* [Input for this task]:
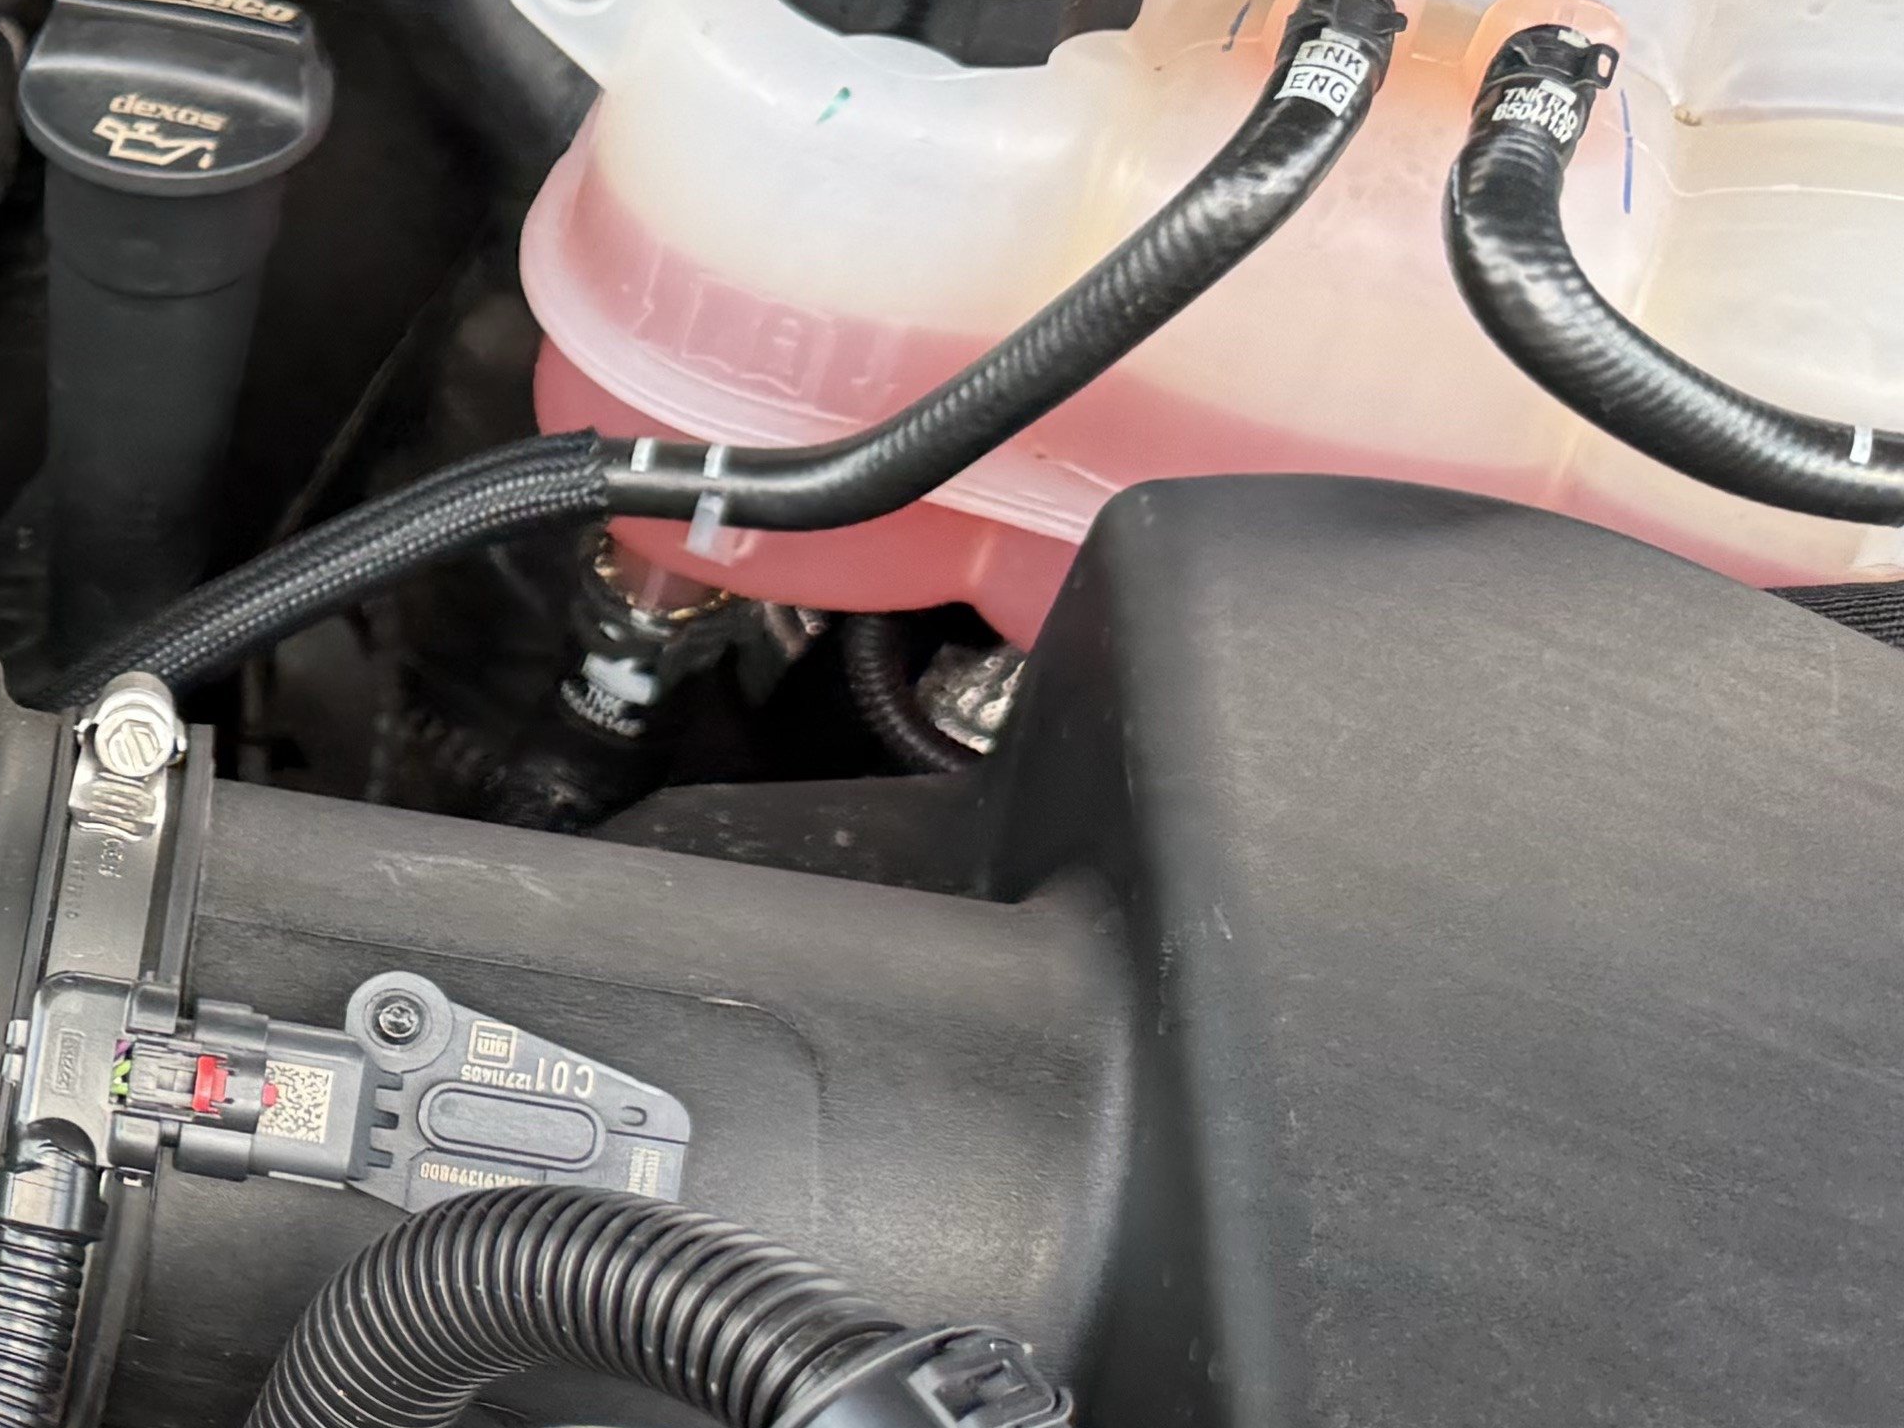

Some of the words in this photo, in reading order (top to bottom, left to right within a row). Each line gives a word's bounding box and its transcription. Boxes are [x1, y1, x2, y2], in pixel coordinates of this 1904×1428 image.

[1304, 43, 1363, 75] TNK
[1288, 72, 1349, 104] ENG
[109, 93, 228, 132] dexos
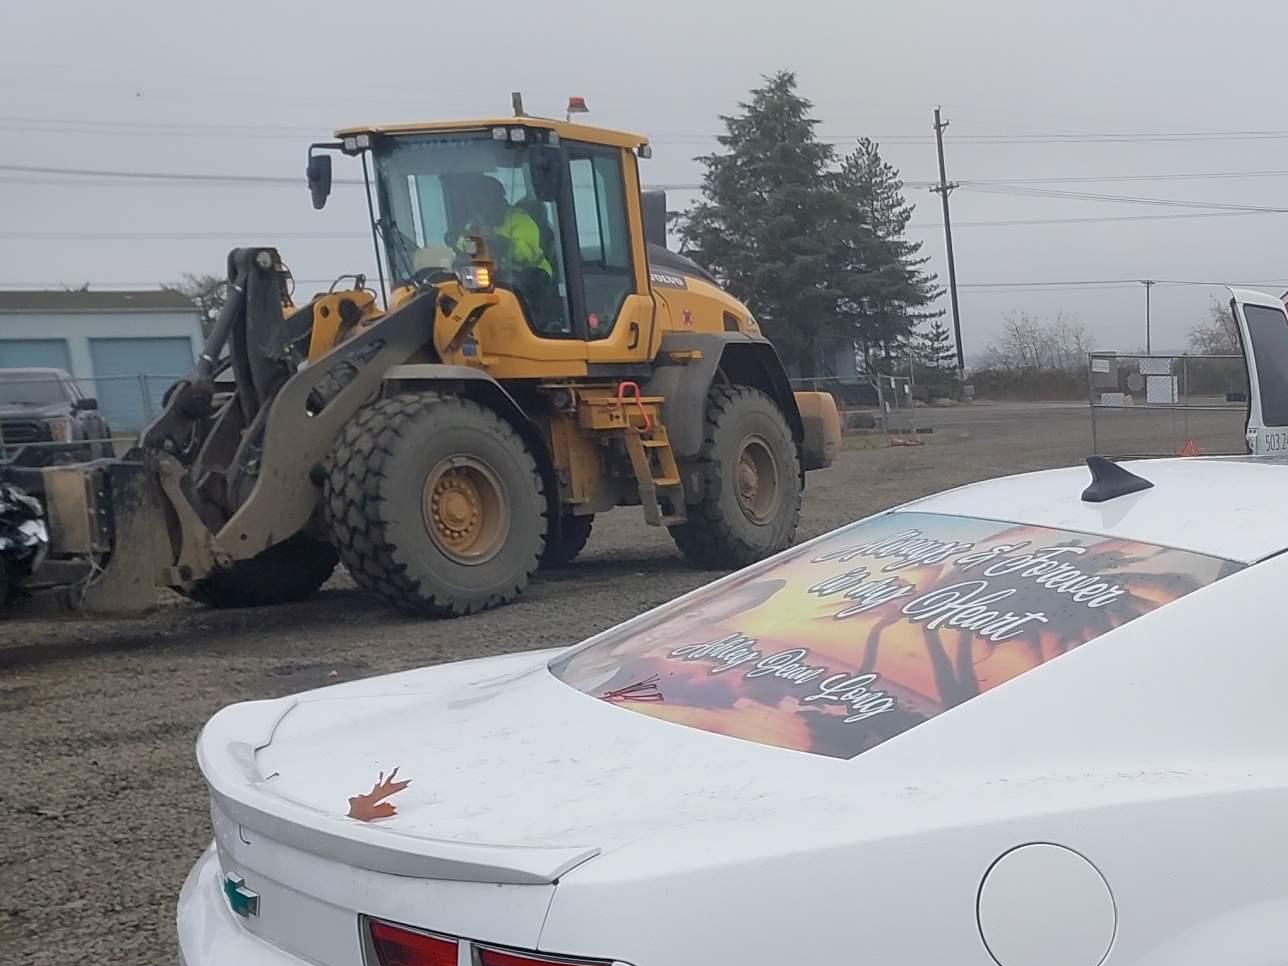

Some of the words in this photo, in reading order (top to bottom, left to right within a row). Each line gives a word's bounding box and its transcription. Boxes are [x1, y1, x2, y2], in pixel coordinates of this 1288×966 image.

* [Exercise prompt]: The expected response is every line of the material, written out exactly, with the images removed.

* [Answer space]:
Some of the words in this photo, in reading order (top to bottom, left to right within a row). Each line gives a word's bounding box and its transcription. Boxes are [x1, y1, x2, y2], in pixel coordinates of this 1904×1428 image.

[1304, 43, 1363, 75] TNK
[1288, 72, 1349, 104] ENG
[109, 93, 228, 132] dexos

Some of the words in this photo, in reading order (top to bottom, left to right within a row). Each line gives a word's bounding box and its transcription. Boxes are [x1, y1, x2, y2], in pixel coordinates of this 1288×966 image.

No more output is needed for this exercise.